Uno de los mejores ejercicios tiene como mira nuestro propio ser. “Consiste en no enojarnos nunca con nosotros mismos ni con nuestras imperfecciones; pues aunque la razón pide que si cometemos faltas nos sintamos tristes y contrariados, conviene evitar ser presa de una desazón despiadada y cruel (…). Los movimientos de cólera, mal humor y desazón contra sí mismo, son causa de orgullo y tienen su origen en el amor propio, que nos turba e inquieta al vernos tan imperfectos” (Antonio Royo Marín).

En un estudio reciente se compararon las destrezas matemáticas de estudiantes de ocho países. Los estudiantes norteamericanos sacaron los peores resultados y los coreanos fueron los mejores. Los investigadores evaluaron también la autoestima de esos mismos estudiantes y les preguntaron qué pensaban de sus propias aptitudes matemáticas. El resultado subjetivo resultó ser contrario a la realidad objetiva: los norteamericanos se creían los mejores y los coreanos pensaban que eran los peores.

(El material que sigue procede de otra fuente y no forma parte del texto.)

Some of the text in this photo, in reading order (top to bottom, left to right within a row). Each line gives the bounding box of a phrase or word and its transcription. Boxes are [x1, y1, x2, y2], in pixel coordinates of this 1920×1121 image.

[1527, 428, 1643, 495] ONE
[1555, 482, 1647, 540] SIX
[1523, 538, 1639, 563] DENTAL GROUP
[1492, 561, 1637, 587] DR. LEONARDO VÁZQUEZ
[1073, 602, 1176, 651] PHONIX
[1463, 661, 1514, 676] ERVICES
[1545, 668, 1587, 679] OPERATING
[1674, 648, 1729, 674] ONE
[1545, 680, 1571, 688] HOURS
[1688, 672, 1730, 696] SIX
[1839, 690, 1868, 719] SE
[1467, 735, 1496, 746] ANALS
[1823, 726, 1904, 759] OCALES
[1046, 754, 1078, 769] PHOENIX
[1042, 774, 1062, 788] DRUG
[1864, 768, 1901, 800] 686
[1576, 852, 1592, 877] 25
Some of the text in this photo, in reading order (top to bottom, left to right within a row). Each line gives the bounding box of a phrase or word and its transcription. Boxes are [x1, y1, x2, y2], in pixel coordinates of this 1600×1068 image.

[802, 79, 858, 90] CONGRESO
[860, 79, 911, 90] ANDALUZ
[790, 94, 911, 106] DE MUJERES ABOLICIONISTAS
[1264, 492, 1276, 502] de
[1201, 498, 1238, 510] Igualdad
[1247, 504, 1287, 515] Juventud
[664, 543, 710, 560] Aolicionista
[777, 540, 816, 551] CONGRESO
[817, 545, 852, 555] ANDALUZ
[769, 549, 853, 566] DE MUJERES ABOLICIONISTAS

Conviene hablar de autoestima para evitar su carencia, pero si se exagera, se puede caer en el polo opuesto.

En mayor o menor grado, todos tenemos que aprender a conciliar nuestra miseria con nuestra grandeza por ser hijos de Dios. Se trata de combinar dos aspectos: humildad y autoestima. La humildad, afirma San Josemaría Escrivá, “es la virtud que nos ayuda a conocer, simultáneamente, nuestra miseria y nuestra grandeza” (Amigos de Dios, n. 34). Hay que entender el gozo de sentirse poca cosa y, a la vez, inmensamente amados por Dios. Desarrollar y consolidar una buena relación con uno mismo no es tarea fácil.

Aristóteles decía que para ser buen amigo de los demás, es preciso ser primero buen amigo de uno mismo. El recto amor a uno mismo y el amor propio egoísta son inversamente proporcionales. El individuo egoísta, más que amarse demasiado a sí mismo, se ama poco o se ama mal. El individuo humilde, en cambio, tiene paciencia y comprensión con sus propias limitaciones, lo cual le lleva a tener la misma actitud comprensiva hacia las limitaciones ajenas. La relación equilibrada que mantiene el magnánimo consigo mismo le confiere cierto señorío sobre las metas que acomete.

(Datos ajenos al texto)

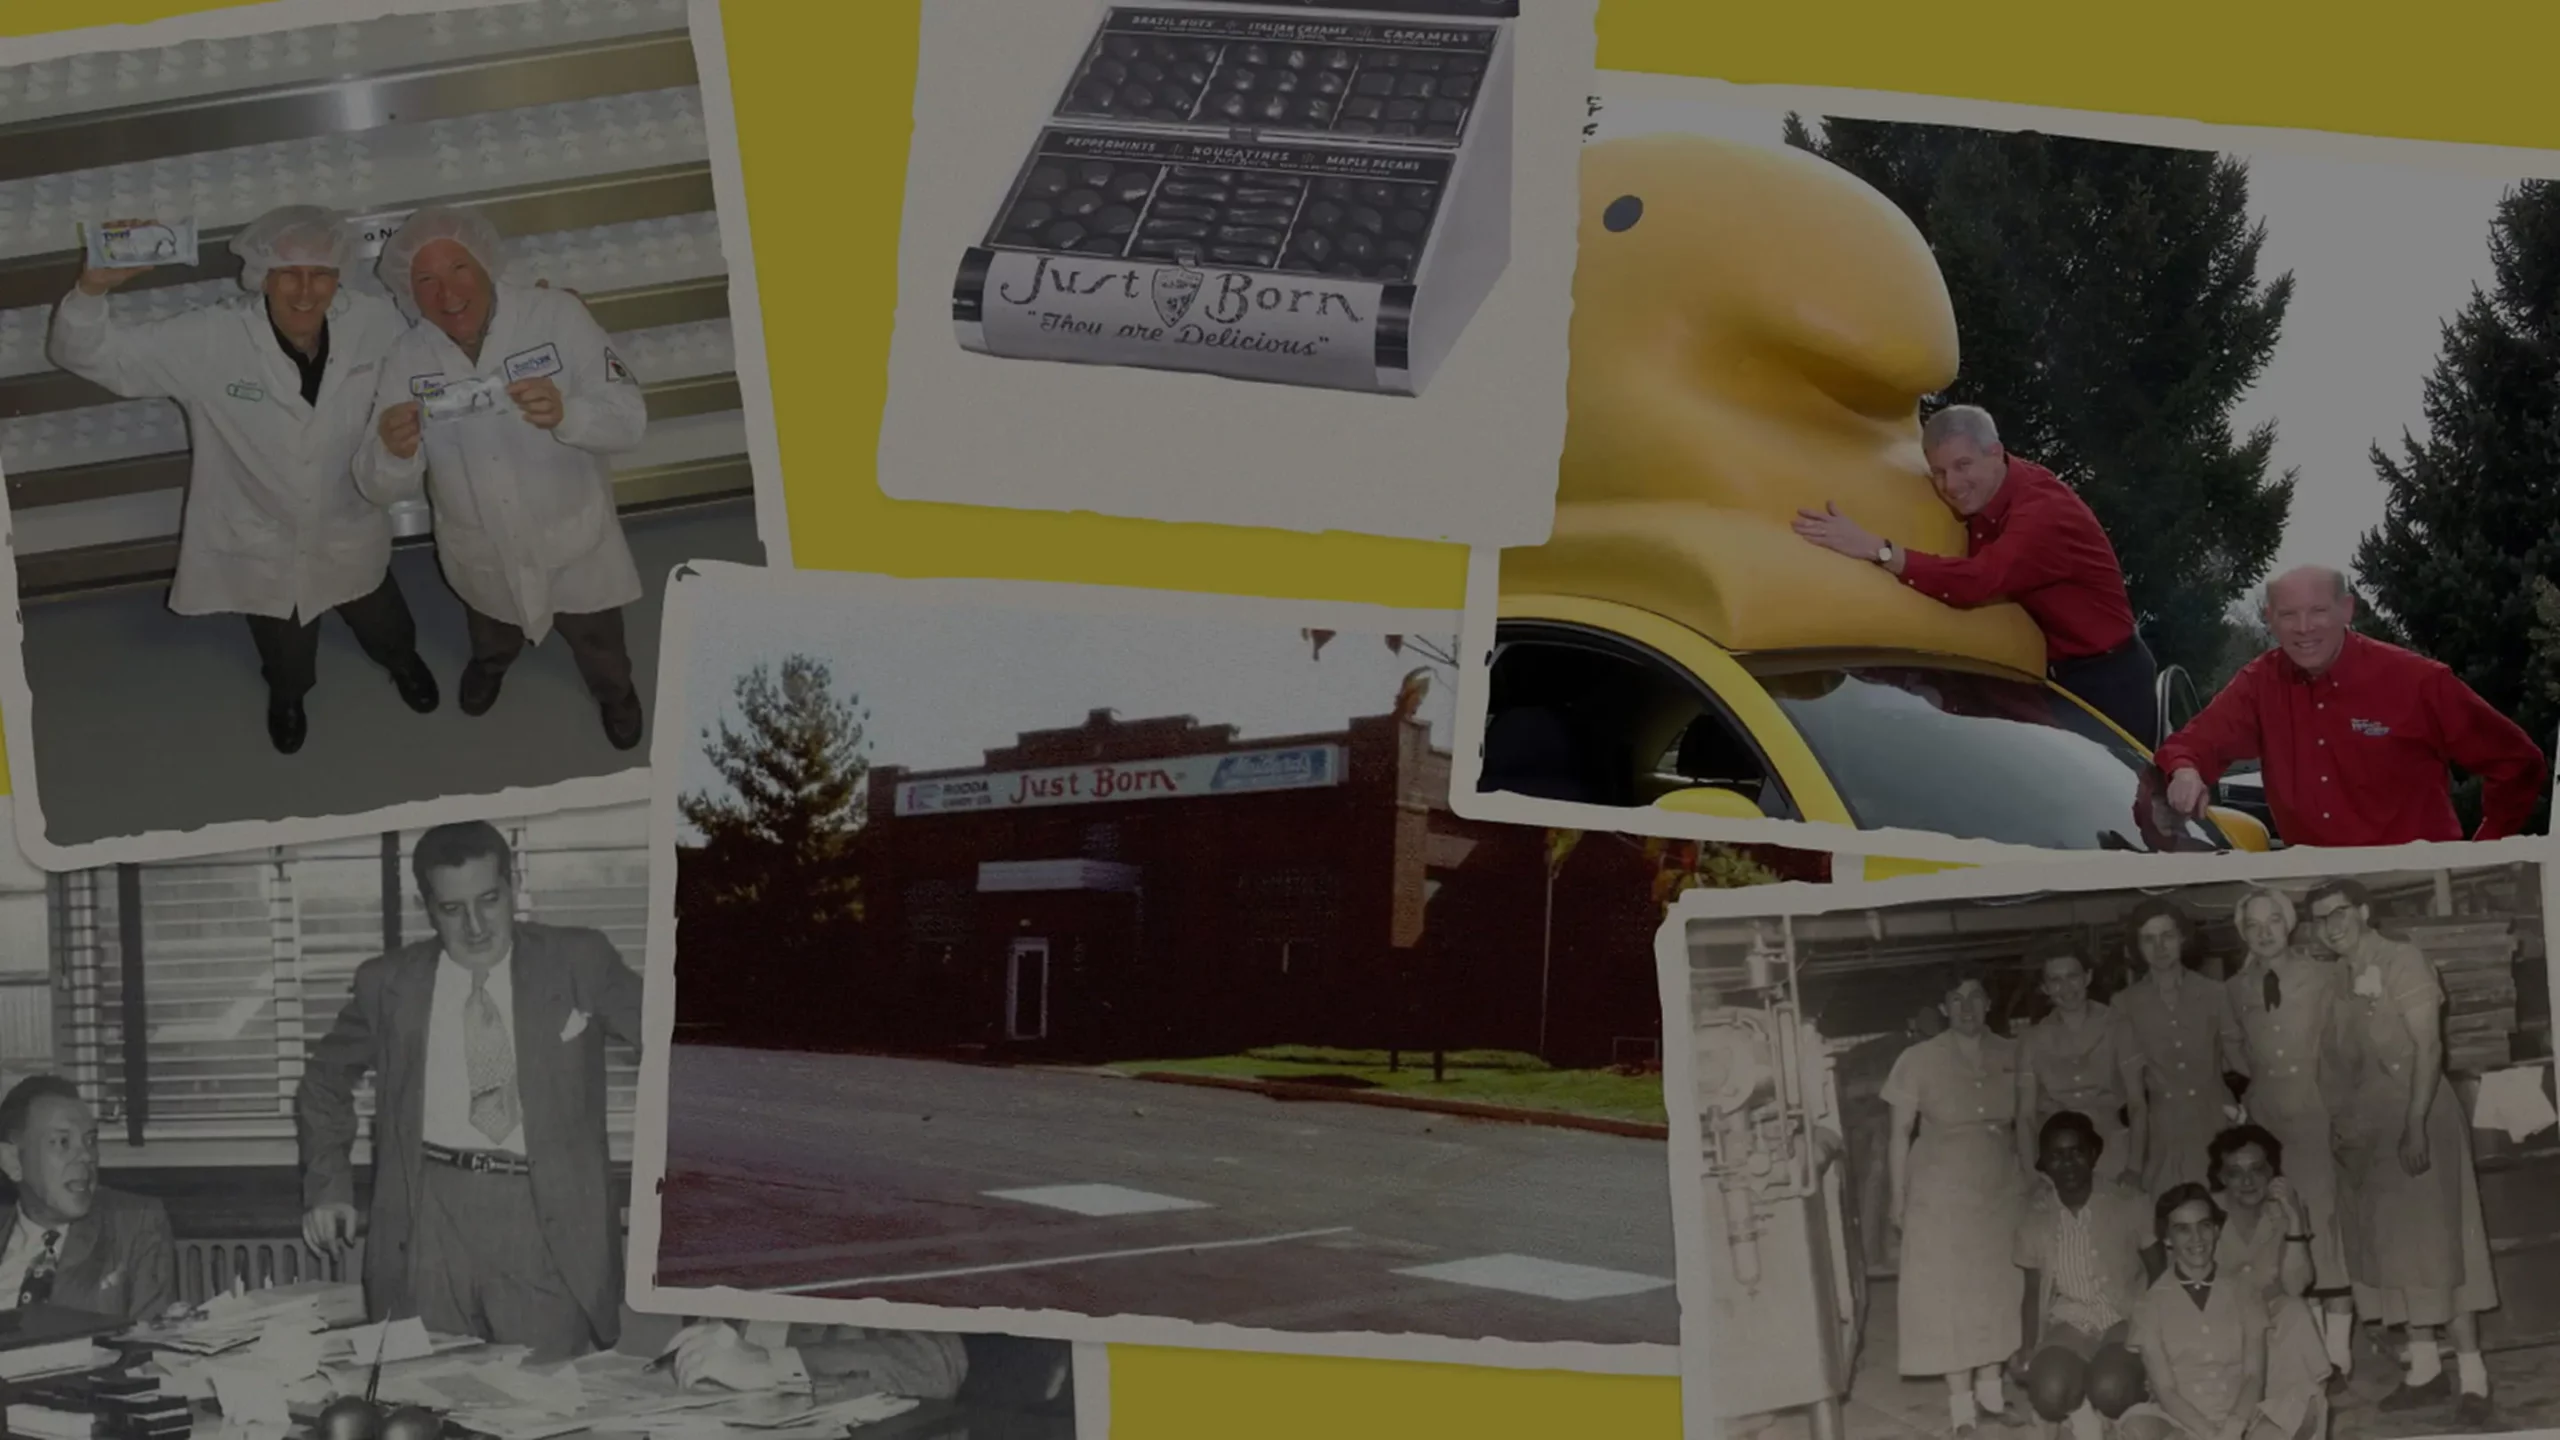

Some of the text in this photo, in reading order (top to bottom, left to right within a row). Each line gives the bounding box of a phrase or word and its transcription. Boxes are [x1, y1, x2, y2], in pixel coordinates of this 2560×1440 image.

[1132, 15, 1215, 28] BRAZIL NUTS
[1247, 22, 1295, 32] ITALIAN
[1297, 25, 1348, 35] CREAMS
[1383, 29, 1469, 43] CARAMELS
[1065, 136, 1157, 152] PEPPERMINTS
[1191, 146, 1290, 161] NOUGATINES
[1326, 155, 1369, 167] MAPLE
[1372, 159, 1420, 171] PECANS
[1000, 256, 1364, 324] Just Born
[1116, 323, 1164, 341] are
[1174, 323, 1329, 356] Delicious"
[1009, 766, 1178, 804] Just Born

Existe una estrecha relación entre ser amado, amarse a sí mismo y amar a los demás. Por una parte, necesitamos ser amados para poder amarnos a nosotros mismos. Ver que alguien nos ama, favorece nuestra autoestima. Nada nos separa más de los demás que nuestra propia insatisfacción. Es lógico que una actitud conflictiva hacia uno mismo dificulte el buen entendimiento con los demás. Quien está disgustado consigo mismo se suele volver susceptible con los demás.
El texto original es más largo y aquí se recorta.